AN APPEAL FOR BETTER DAYS

Kusuma Buddhiraju
3 min readMar 28, 2020

The utopia of my thoughts is a farce in the face of a dystopian future. The receding forest cover, rising sea levels, carcinogens in the air, blistering heat waves and barren lands has woken us from our 11th-hour consciousness. Even then, it does not seem to incentivize the common man enough to protect Earth, or himself from the fury of nature. The mundane problems of our everyday life occupy our mind for we care to survive and live tomorrow. But what kind of world are we negotiating to live in? A safer one? An environmentally viable one? Or a world where oxygen masks also become a humdrum task?

Governments around the world are working to bring down emissions, fight global warming and keep earth sustainable. As one of the 7.6 billion people on the planet, what are you and I doing? A few thousand officials, scientists, and activists are alone in the need of hour trying to save what is left after the age of ruthless exploitation. Whether big or small, does each one of us not have a hand in destroying nature by a zillionth every time we used a plastic bag, drove cars, went hunting or any bunch of blunders which multiply the destruction by a factor each time? Then why are we all still in the race for a careless pursuit of dreams? Some might argue about the government created nuclear wastes, environment protection laws, taxes levied and penalties. They exist and it is true, and it does work maybe half of the time, but can we dust the issue off our hands and always blame the leaders for degrading air quality, inscrutable traffic congestion, and thoughtless lifestyle?

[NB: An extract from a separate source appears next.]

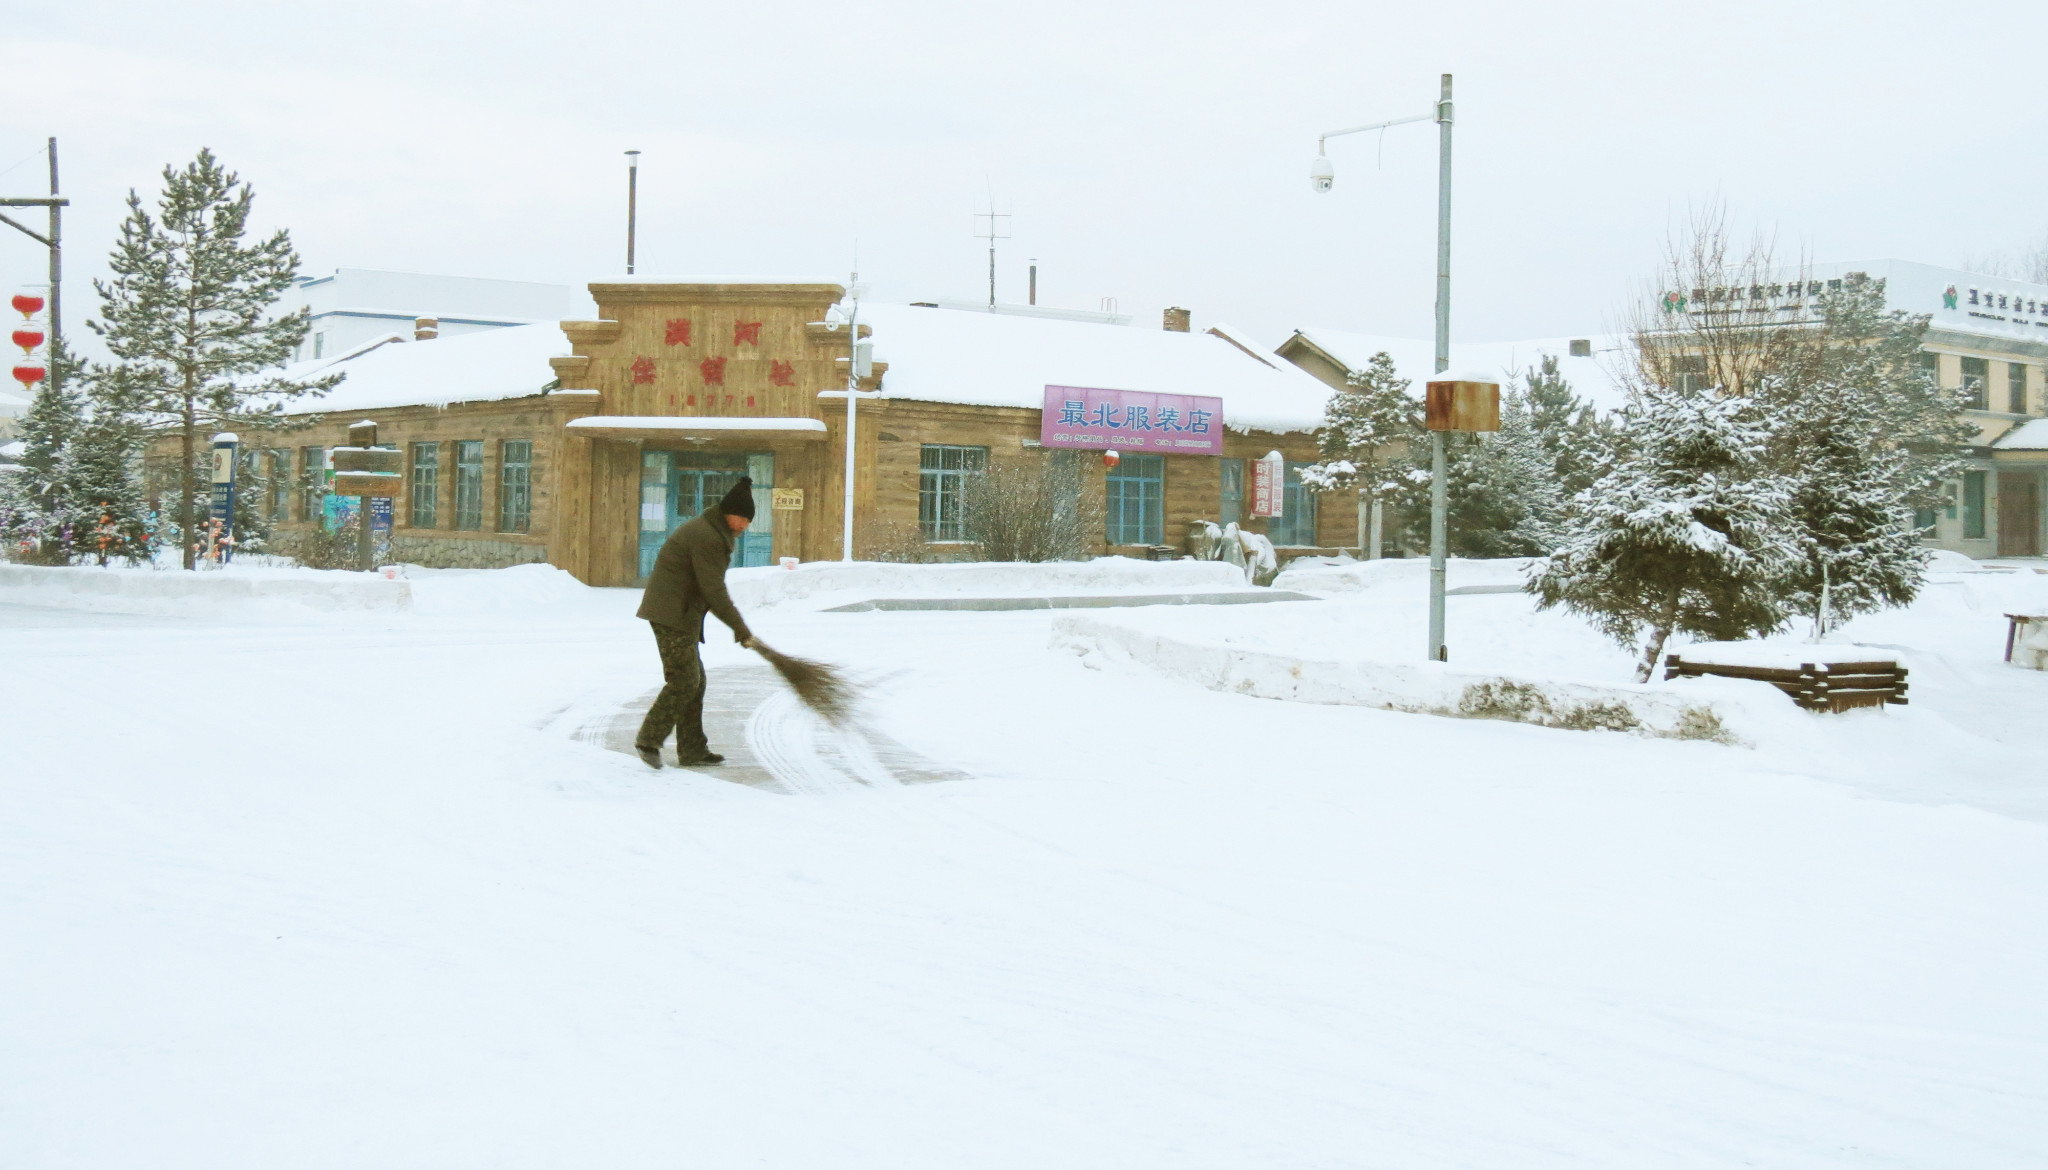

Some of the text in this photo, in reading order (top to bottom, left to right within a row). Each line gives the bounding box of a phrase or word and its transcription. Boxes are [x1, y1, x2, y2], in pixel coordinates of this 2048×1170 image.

[1057, 400, 1213, 435] 最北服装店
[1255, 462, 1270, 513] 时装商店

It is time that we are socially, ethically and environmentally responsible human beings. We are at a war against human rights violations, droughts, genocide, nuclear weapons, and this list is exhaustive. We are exhausted too. Never did anyone with their ubiquitous foresight imagine the myriad of battles everyone must face in the world of unparalleled technological advancements. One must be thinking, “Oh God! I already worry about my sustenance, family, physical health, psychological balance, job satisfaction, promotion, peer group, living costs, increased taxes, insurance and everything under the sun. Now you also want me to worry about the environment and go green! Do you expect me to ride a bicycle for 100 miles and sleep under the moonlight for a good night’s sleep?!” In the relentless pursuit of life, we often forget that our lack of ecological concern is the doomsday tale of our children tomorrow.

It has always been said that every droplet of water makes the ocean, every grain of sand accumulates to a desert and every shrub helps grow a forest. Extrapolating this to our agenda, every sustainable action on our part adds to the life of Earth. In this regard, a better measure to gauge an individual’s intellect should be changed to environmental literacy. While this is not the ultimate solution, it will ensure that a sizeable population will make efforts to save the planet.

What amuses me the most is that we build robots when we have no space for our flora, fauna, and humans. When did we decide that the machine man created by us was of more importance than the natural habitat of many species which are on the brink of extinction or are already extinct? We make trips to the Moon and buy extraterrestrial land when we do not have one mutually agreed plan to save the planet we live on. Did we already give up on earth after vehemently consuming all that was there? We have algorithms to precisely predict best wine, cancer, elections, hurricanes, and whatnot, but none on how to reverse the insensitive annihilation we caused to our environment. Is this an example of a silent cognitive understanding that our advancements are not robust enough to bring the planet back to a native state? We have everything we always wanted, but nothing that we need the most.

It’s not the deserts that are barren, but our way of life. The forests are not wild, our actions are. The tidal waves are not the most dangerous, our selfishness is. We may not have a standard procedure to conserve ecology, but we know what are the nascent steps towards achieving it.